*Task to carry out:* I'd like every entry transcribed word for word, with no pictures.
═══ Record set
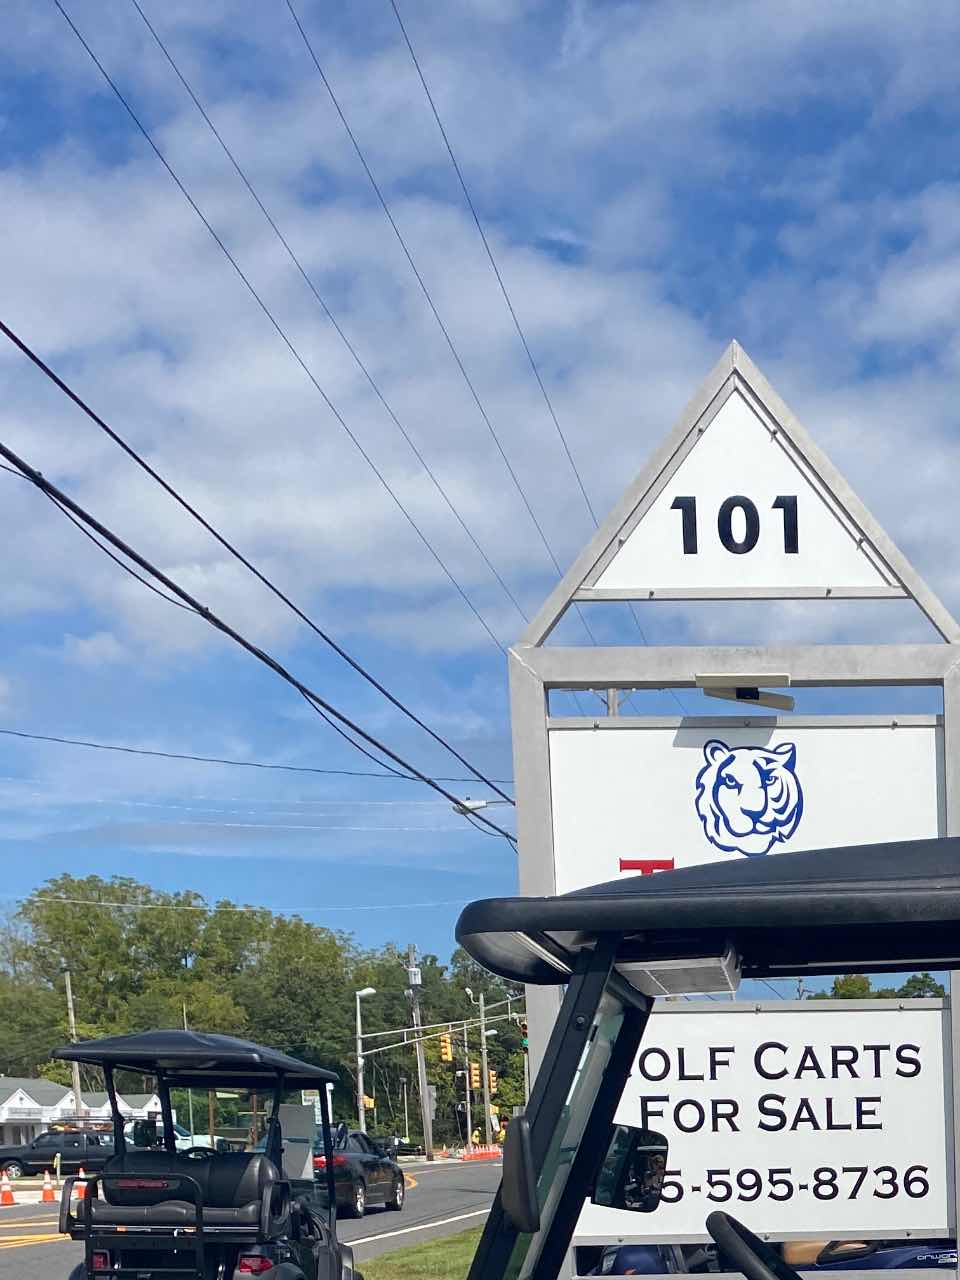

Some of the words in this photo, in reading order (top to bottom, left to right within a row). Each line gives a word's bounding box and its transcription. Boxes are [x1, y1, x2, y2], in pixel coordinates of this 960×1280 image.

[670, 495, 799, 555] 101
[627, 1046, 736, 1082] OLF
[753, 1041, 922, 1080] CARTS
[639, 1094, 741, 1133] FOR
[757, 1093, 883, 1132] SALE
[660, 1164, 930, 1204] 5-595-8736
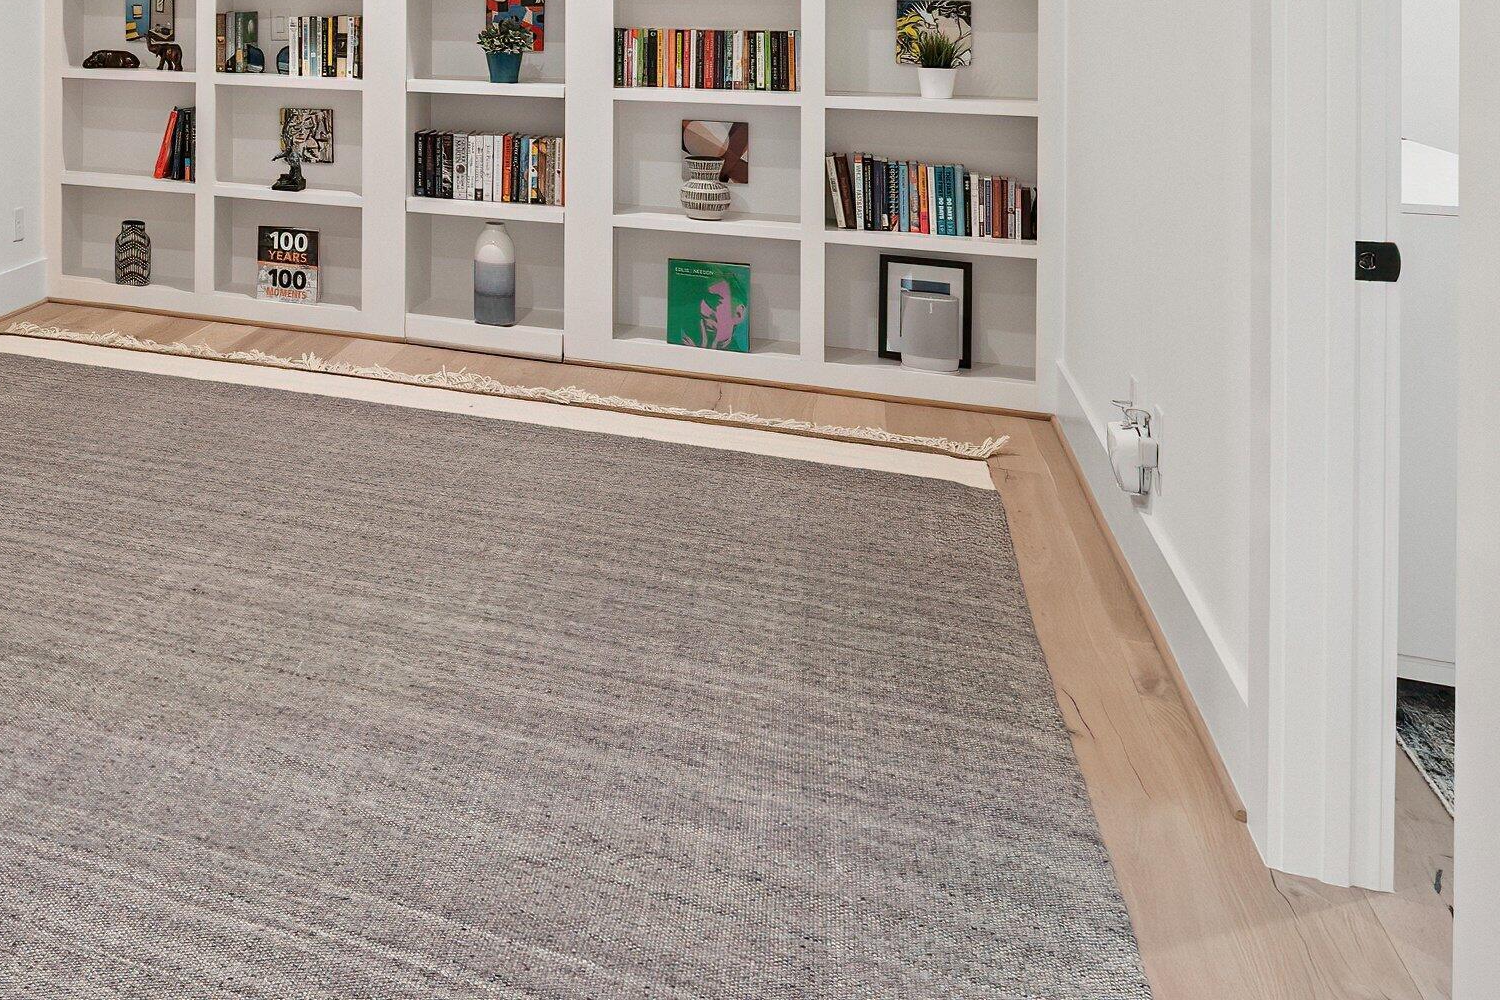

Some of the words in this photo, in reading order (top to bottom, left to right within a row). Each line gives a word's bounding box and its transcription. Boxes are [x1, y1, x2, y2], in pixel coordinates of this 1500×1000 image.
══════
*Your response:*
Some of the words in this photo, in reading order (top to bottom, left to right within a row). Each line gives a word's bounding box and its transcription. Boxes are [x1, y1, x2, y2], in pixel coordinates of this 960×1280 image.

[670, 495, 799, 555] 101
[627, 1046, 736, 1082] OLF
[753, 1041, 922, 1080] CARTS
[639, 1094, 741, 1133] FOR
[757, 1093, 883, 1132] SALE
[660, 1164, 930, 1204] 5-595-8736

Some of the words in this photo, in reading order (top to bottom, left to right within a row). Each line gives a word's bounding box and its transcription. Boxes are [x1, y1, x2, y2], in pixel coordinates of this 1500×1000 image.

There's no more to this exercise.